Islamic marriage advice and family advice

My family will disown me if I stay with my husband

Assalamu walaykum. I am so confused and need some help for making a decision.

I am 29 years old married woman. I got married 2 years back without my parents' consent. Our marriage procedure was completed in presence of two witnesses ( they were my husband's uncles). My parents told me that our marriage is invalid. Because of absence of wali from my side during marriage.

My first question is about our validity of marriage. Is it valid or not?
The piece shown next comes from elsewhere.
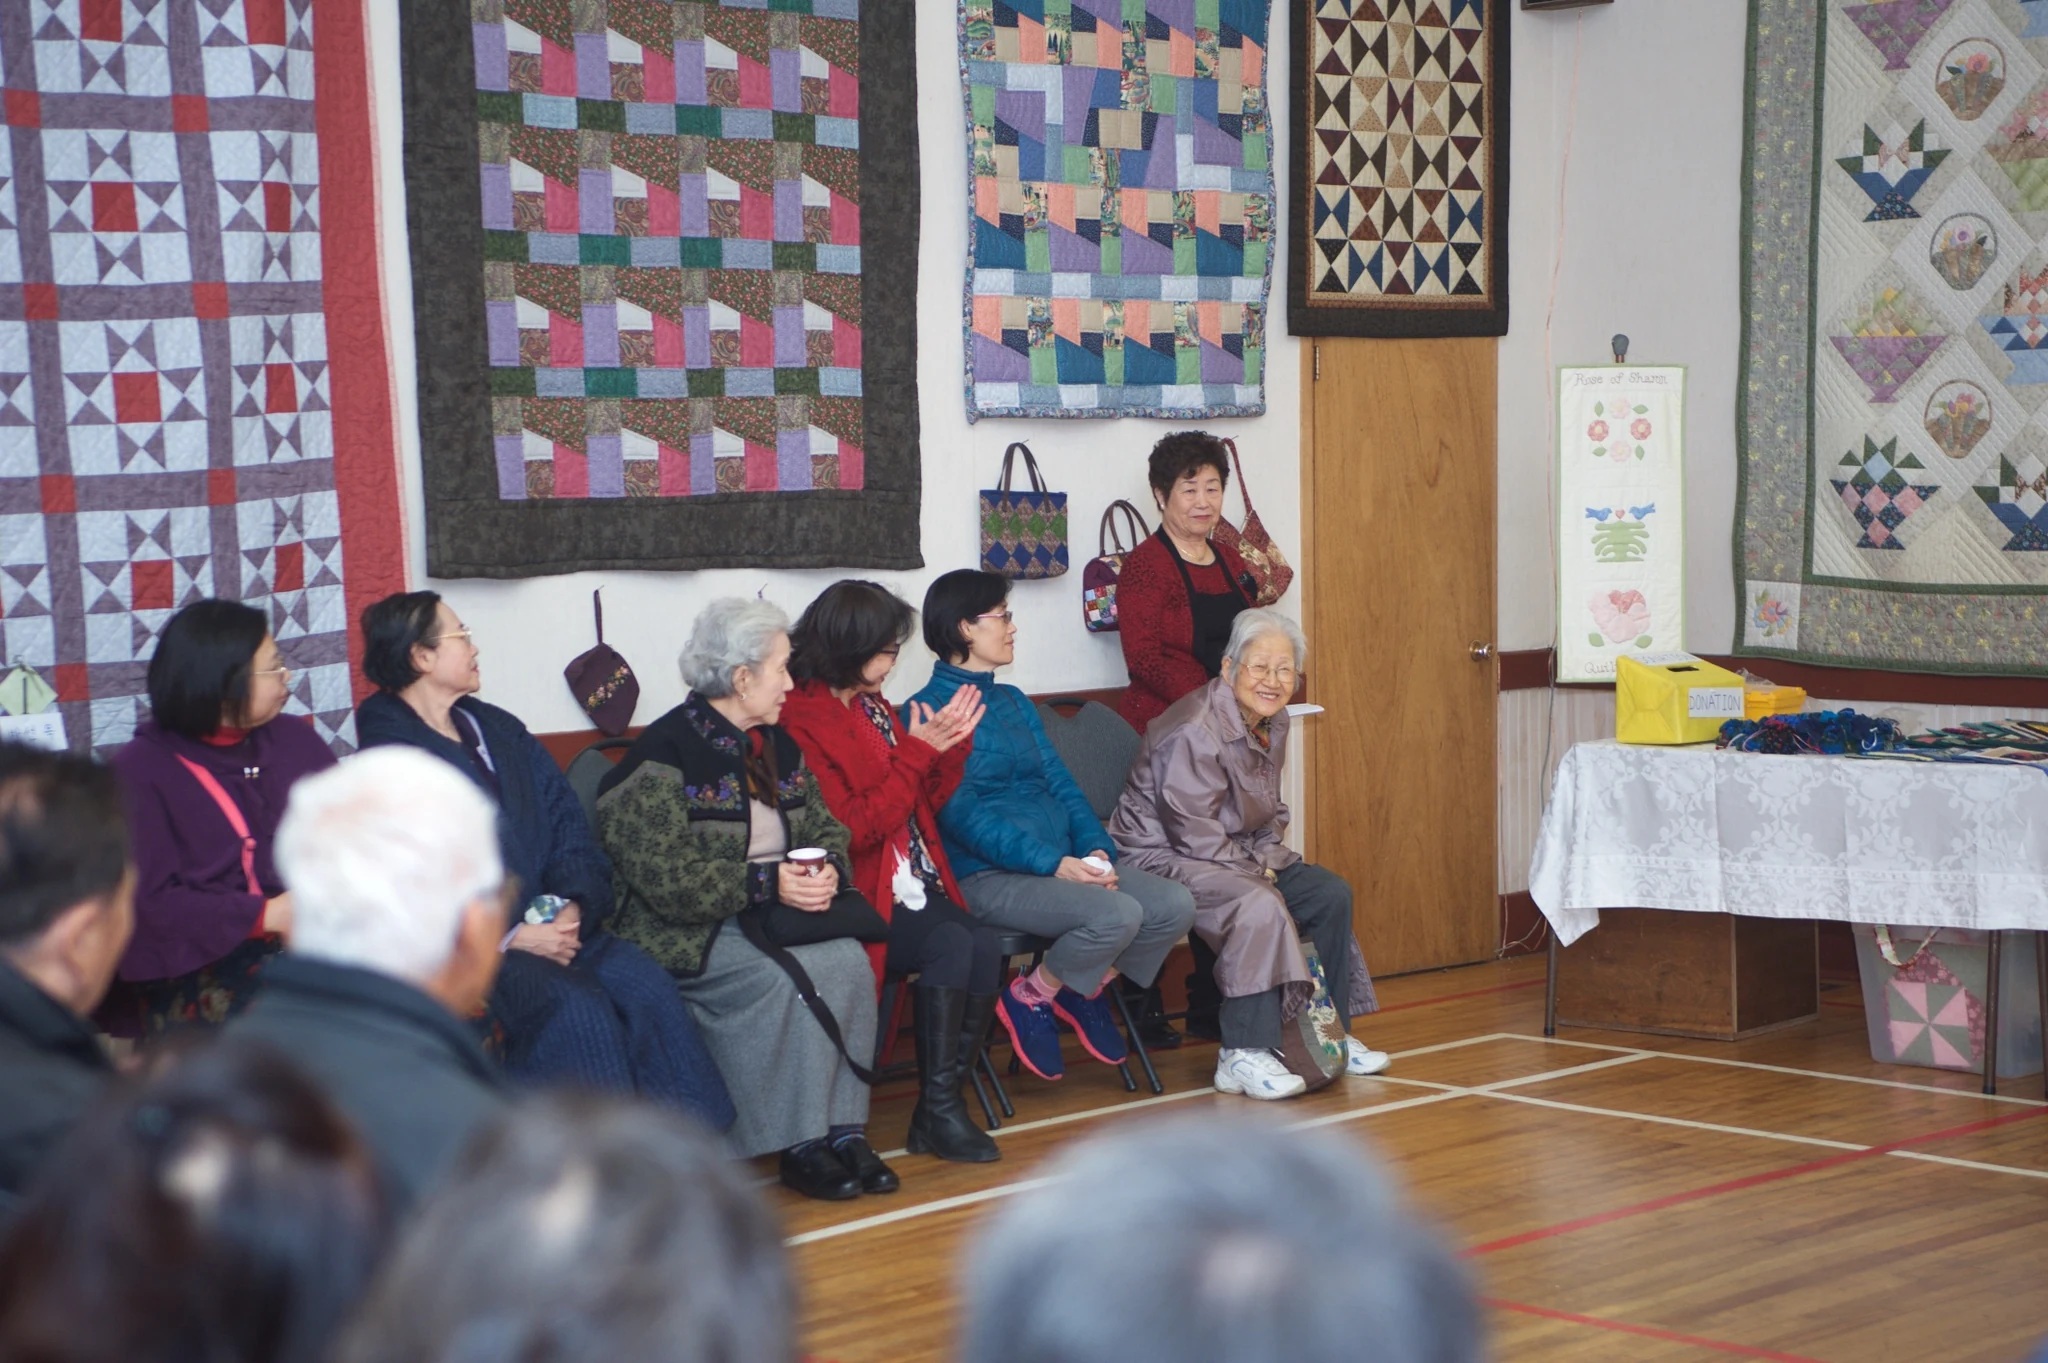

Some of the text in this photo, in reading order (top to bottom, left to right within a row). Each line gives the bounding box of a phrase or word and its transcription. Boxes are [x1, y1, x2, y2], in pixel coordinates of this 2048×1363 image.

For last 2 years, I am trying to patch up everything. My in-laws have also tried several times to contact with my parents to solve everything. But my parents are stubborn. According to my parents, problems are - my husband is 3.5 years younger than me and his family status is lower than mine ( though both my husband and i belong to same profession now). They have already told me that I won't  be able to go to Jannah as I disobeyed them. On the other hand, they will disown me if I don't give divorce to him. I love my parents so much and don't  want to hurt them anymore. But I also want to stay with my husband. We love each other so much. He always makes me feel that I am everything to him. In fear of losing both my parents and husband, I couldn't concentrate in my regular work,study or career, sometimes I hurt my husband too. But still he loves me so much and doesn't want lose me anyhow.

My second question is-  Should I go back to my parents and accept there advices/divorce my husband to please them?

last question is- if our marriage is invalid then is there any necessity of divorce in islam?

Thanks in advance.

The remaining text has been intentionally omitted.